§ **WHAT THE TASK ASKS**: Keep the pictures out of your copy. Transcribe the records below exactly.

Segment Start: RECORDS SHOWN

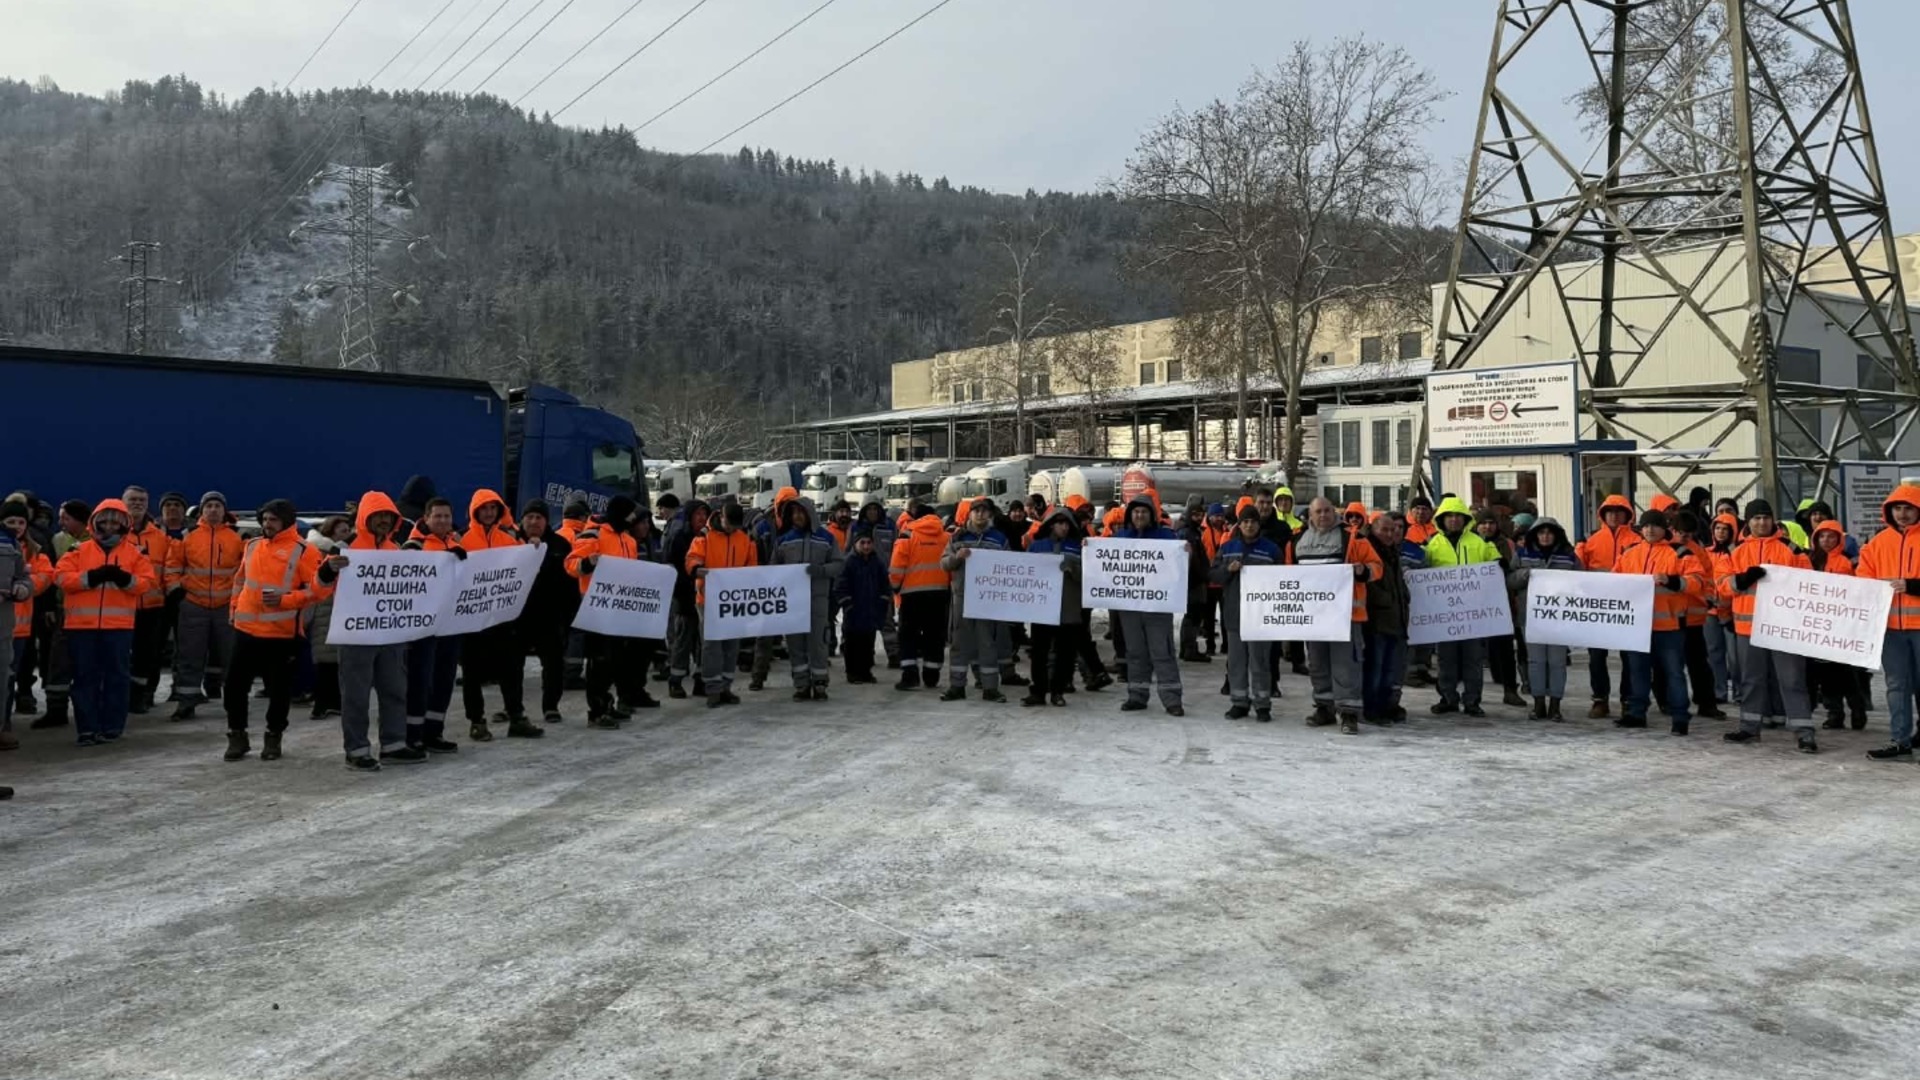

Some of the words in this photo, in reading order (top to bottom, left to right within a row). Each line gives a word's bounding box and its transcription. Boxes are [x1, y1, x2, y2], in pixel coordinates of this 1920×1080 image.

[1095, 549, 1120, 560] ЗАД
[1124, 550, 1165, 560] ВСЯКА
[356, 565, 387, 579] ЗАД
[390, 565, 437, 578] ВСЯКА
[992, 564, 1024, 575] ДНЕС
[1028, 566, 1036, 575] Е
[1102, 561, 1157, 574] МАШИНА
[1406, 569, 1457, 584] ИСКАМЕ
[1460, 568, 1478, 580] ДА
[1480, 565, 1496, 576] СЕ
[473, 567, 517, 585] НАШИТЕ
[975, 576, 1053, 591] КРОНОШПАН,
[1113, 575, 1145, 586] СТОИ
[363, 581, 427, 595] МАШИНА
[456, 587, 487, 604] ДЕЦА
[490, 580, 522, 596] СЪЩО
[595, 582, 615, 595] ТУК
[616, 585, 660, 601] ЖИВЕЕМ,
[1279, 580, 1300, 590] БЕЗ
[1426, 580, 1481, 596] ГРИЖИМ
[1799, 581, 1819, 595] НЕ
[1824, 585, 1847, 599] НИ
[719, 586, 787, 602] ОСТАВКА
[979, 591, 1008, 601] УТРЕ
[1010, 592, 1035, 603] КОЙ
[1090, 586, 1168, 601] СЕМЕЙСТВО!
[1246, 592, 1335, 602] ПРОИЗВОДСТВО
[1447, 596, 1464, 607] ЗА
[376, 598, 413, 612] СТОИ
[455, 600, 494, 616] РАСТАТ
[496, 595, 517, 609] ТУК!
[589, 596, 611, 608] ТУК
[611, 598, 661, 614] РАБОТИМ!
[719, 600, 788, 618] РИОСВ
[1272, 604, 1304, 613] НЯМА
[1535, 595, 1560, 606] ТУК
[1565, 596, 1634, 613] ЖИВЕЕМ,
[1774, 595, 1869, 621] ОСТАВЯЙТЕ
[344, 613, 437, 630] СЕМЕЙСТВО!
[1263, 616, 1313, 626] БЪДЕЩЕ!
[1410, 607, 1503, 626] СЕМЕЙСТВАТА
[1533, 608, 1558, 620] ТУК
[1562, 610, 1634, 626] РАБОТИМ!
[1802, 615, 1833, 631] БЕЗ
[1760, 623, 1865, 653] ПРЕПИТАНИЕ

Segment End: RECORDS SHOWN

§ **ANSWER BOX**:
Some of the words in this photo, in reading order (top to bottom, left to right within a row). Each line gives a word's bounding box and its transcription. Boxes are [x1, y1, x2, y2], in pixel coordinates of this 1920×1080 image.

[1095, 549, 1120, 560] ЗАД
[1124, 550, 1165, 560] ВСЯКА
[356, 565, 387, 579] ЗАД
[390, 565, 437, 578] ВСЯКА
[992, 564, 1024, 575] ДНЕС
[1028, 566, 1036, 575] Е
[1102, 561, 1157, 574] МАШИНА
[1406, 569, 1457, 584] ИСКАМЕ
[1460, 568, 1478, 580] ДА
[1480, 565, 1496, 576] СЕ
[473, 567, 517, 585] НАШИТЕ
[975, 576, 1053, 591] КРОНОШПАН,
[1113, 575, 1145, 586] СТОИ
[363, 581, 427, 595] МАШИНА
[456, 587, 487, 604] ДЕЦА
[490, 580, 522, 596] СЪЩО
[595, 582, 615, 595] ТУК
[616, 585, 660, 601] ЖИВЕЕМ,
[1279, 580, 1300, 590] БЕЗ
[1426, 580, 1481, 596] ГРИЖИМ
[1799, 581, 1819, 595] НЕ
[1824, 585, 1847, 599] НИ
[719, 586, 787, 602] ОСТАВКА
[979, 591, 1008, 601] УТРЕ
[1010, 592, 1035, 603] КОЙ
[1090, 586, 1168, 601] СЕМЕЙСТВО!
[1246, 592, 1335, 602] ПРОИЗВОДСТВО
[1447, 596, 1464, 607] ЗА
[376, 598, 413, 612] СТОИ
[455, 600, 494, 616] РАСТАТ
[496, 595, 517, 609] ТУК!
[589, 596, 611, 608] ТУК
[611, 598, 661, 614] РАБОТИМ!
[719, 600, 788, 618] РИОСВ
[1272, 604, 1304, 613] НЯМА
[1535, 595, 1560, 606] ТУК
[1565, 596, 1634, 613] ЖИВЕЕМ,
[1774, 595, 1869, 621] ОСТАВЯЙТЕ
[344, 613, 437, 630] СЕМЕЙСТВО!
[1263, 616, 1313, 626] БЪДЕЩЕ!
[1410, 607, 1503, 626] СЕМЕЙСТВАТА
[1533, 608, 1558, 620] ТУК
[1562, 610, 1634, 626] РАБОТИМ!
[1802, 615, 1833, 631] БЕЗ
[1760, 623, 1865, 653] ПРЕПИТАНИЕ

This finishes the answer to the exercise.